» **Work instructions**
Where a picture appears, skip it and copy everything else in the listing exactly.

=====

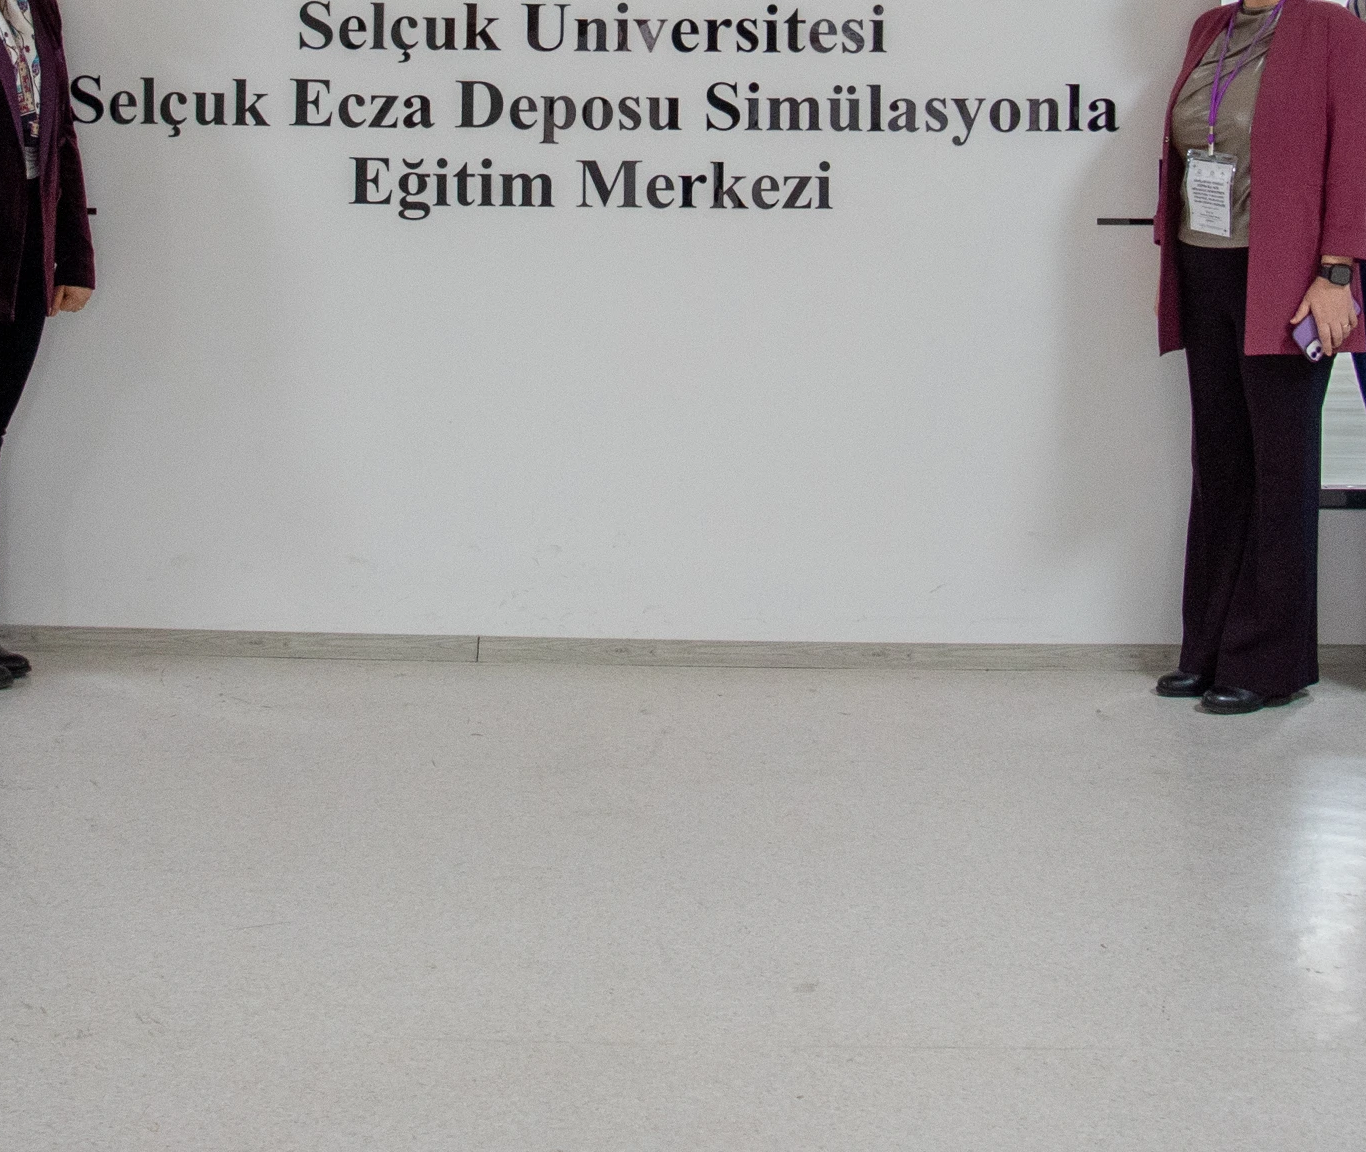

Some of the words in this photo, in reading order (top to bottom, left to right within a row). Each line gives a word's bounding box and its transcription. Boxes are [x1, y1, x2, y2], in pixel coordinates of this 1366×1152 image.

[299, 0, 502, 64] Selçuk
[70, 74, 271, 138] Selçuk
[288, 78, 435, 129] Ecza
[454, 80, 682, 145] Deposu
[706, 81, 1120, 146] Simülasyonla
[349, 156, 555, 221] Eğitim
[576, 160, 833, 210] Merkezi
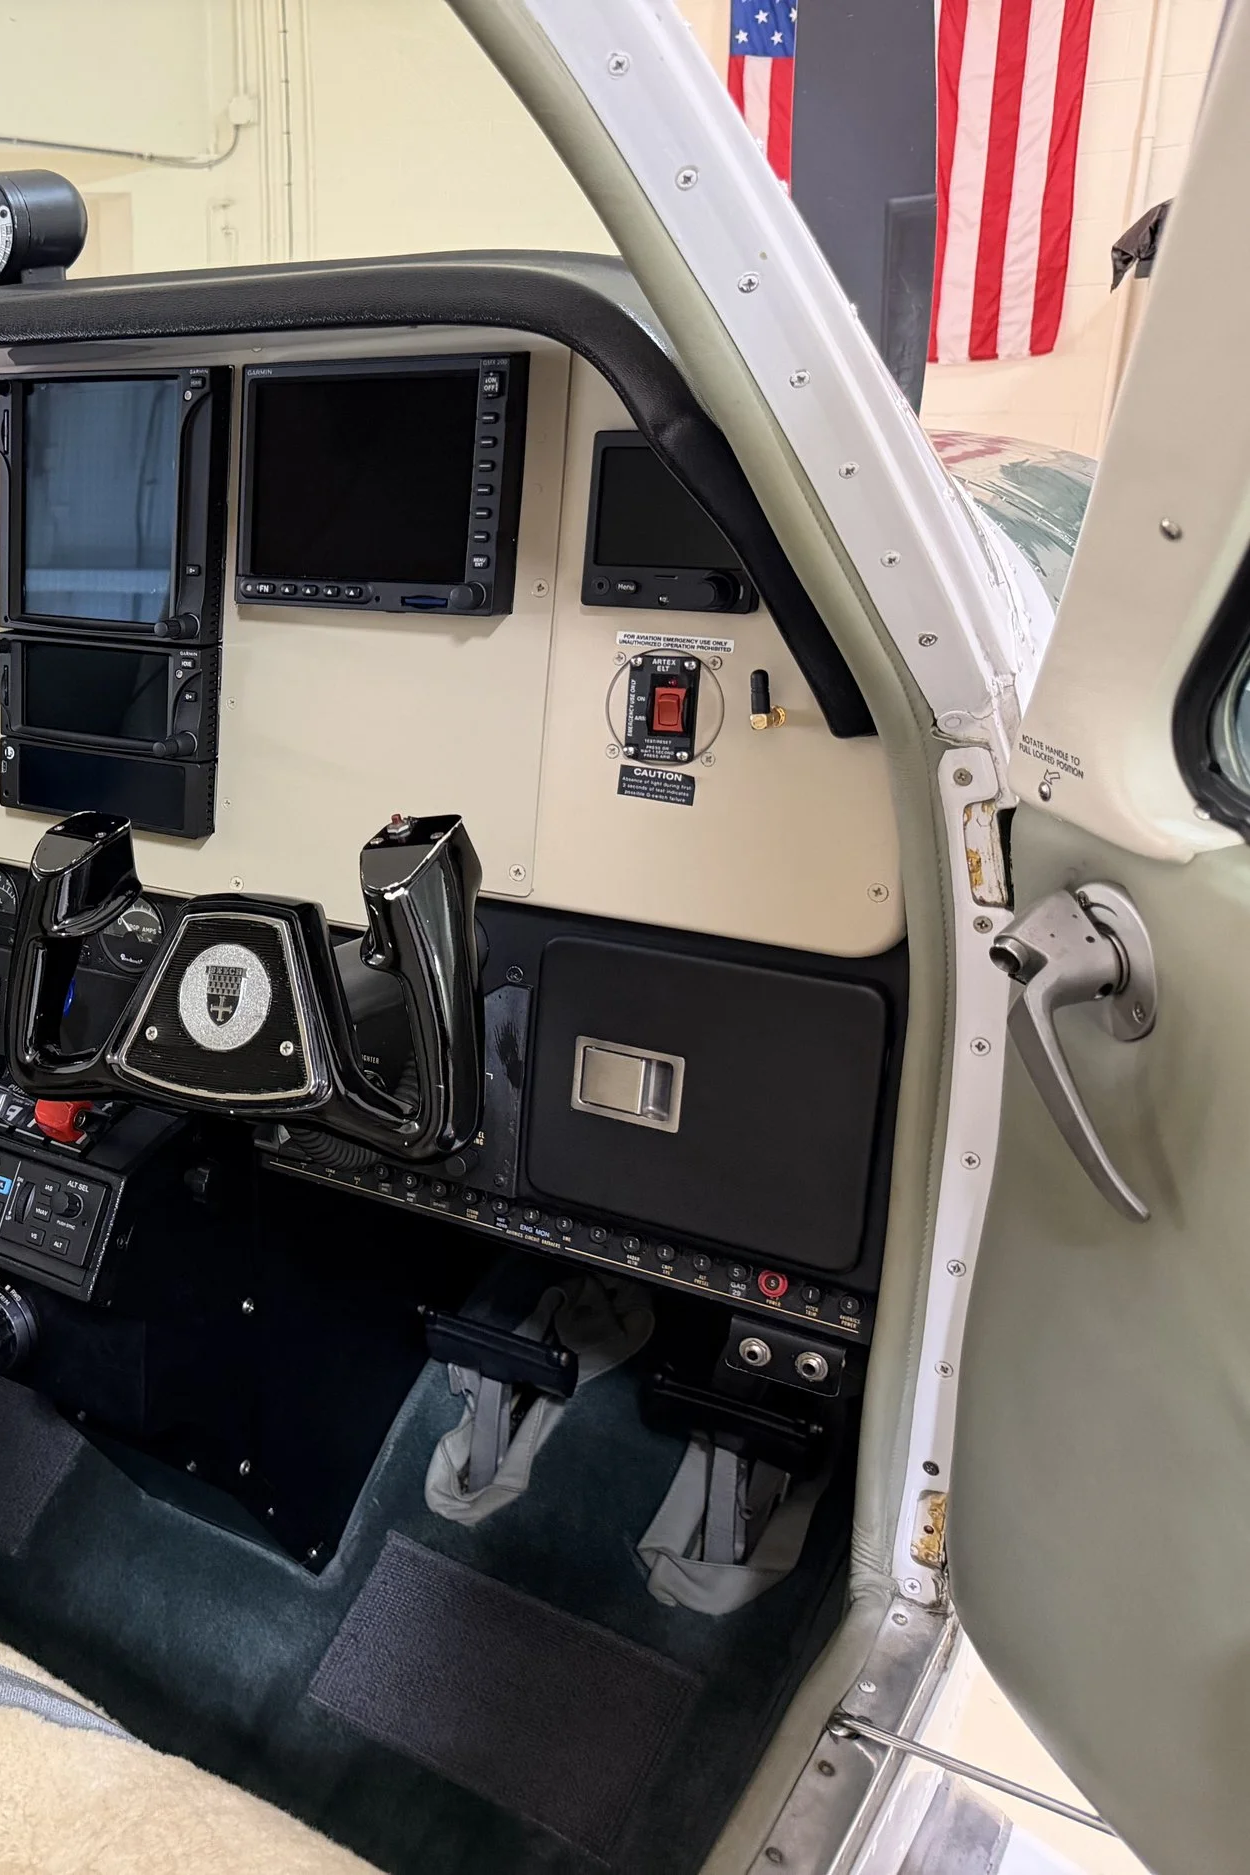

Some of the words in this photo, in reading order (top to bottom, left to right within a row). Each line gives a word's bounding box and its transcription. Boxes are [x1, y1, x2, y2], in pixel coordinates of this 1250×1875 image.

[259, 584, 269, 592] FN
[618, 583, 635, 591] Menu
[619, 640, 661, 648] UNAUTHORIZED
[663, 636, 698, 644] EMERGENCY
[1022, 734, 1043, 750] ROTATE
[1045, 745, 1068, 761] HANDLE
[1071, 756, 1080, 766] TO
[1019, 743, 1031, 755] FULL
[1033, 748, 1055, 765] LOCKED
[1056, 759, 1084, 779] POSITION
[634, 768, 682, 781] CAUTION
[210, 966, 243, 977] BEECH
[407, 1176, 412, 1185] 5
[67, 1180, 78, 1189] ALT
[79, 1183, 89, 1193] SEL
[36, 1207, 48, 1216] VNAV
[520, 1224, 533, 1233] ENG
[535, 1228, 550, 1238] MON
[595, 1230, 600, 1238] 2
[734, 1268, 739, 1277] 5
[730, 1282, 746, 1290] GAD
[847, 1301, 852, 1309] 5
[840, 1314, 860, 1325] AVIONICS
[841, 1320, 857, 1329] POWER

=====

» **Response below**
Some of the words in this photo, in reading order (top to bottom, left to right within a row). Each line gives a word's bounding box and its transcription. Boxes are [x1, y1, x2, y2], in pixel coordinates of this 1366×1152 image.

[299, 0, 502, 64] Selçuk
[70, 74, 271, 138] Selçuk
[288, 78, 435, 129] Ecza
[454, 80, 682, 145] Deposu
[706, 81, 1120, 146] Simülasyonla
[349, 156, 555, 221] Eğitim
[576, 160, 833, 210] Merkezi

Some of the words in this photo, in reading order (top to bottom, left to right within a row). Each line gives a word's bounding box and its transcription. Boxes are [x1, y1, x2, y2], in pixel coordinates of this 1250×1875 image.

[259, 584, 269, 592] FN
[618, 583, 635, 591] Menu
[619, 640, 661, 648] UNAUTHORIZED
[663, 636, 698, 644] EMERGENCY
[1022, 734, 1043, 750] ROTATE
[1045, 745, 1068, 761] HANDLE
[1071, 756, 1080, 766] TO
[1019, 743, 1031, 755] FULL
[1033, 748, 1055, 765] LOCKED
[1056, 759, 1084, 779] POSITION
[634, 768, 682, 781] CAUTION
[210, 966, 243, 977] BEECH
[407, 1176, 412, 1185] 5
[67, 1180, 78, 1189] ALT
[79, 1183, 89, 1193] SEL
[36, 1207, 48, 1216] VNAV
[520, 1224, 533, 1233] ENG
[535, 1228, 550, 1238] MON
[595, 1230, 600, 1238] 2
[734, 1268, 739, 1277] 5
[730, 1282, 746, 1290] GAD
[847, 1301, 852, 1309] 5
[840, 1314, 860, 1325] AVIONICS
[841, 1320, 857, 1329] POWER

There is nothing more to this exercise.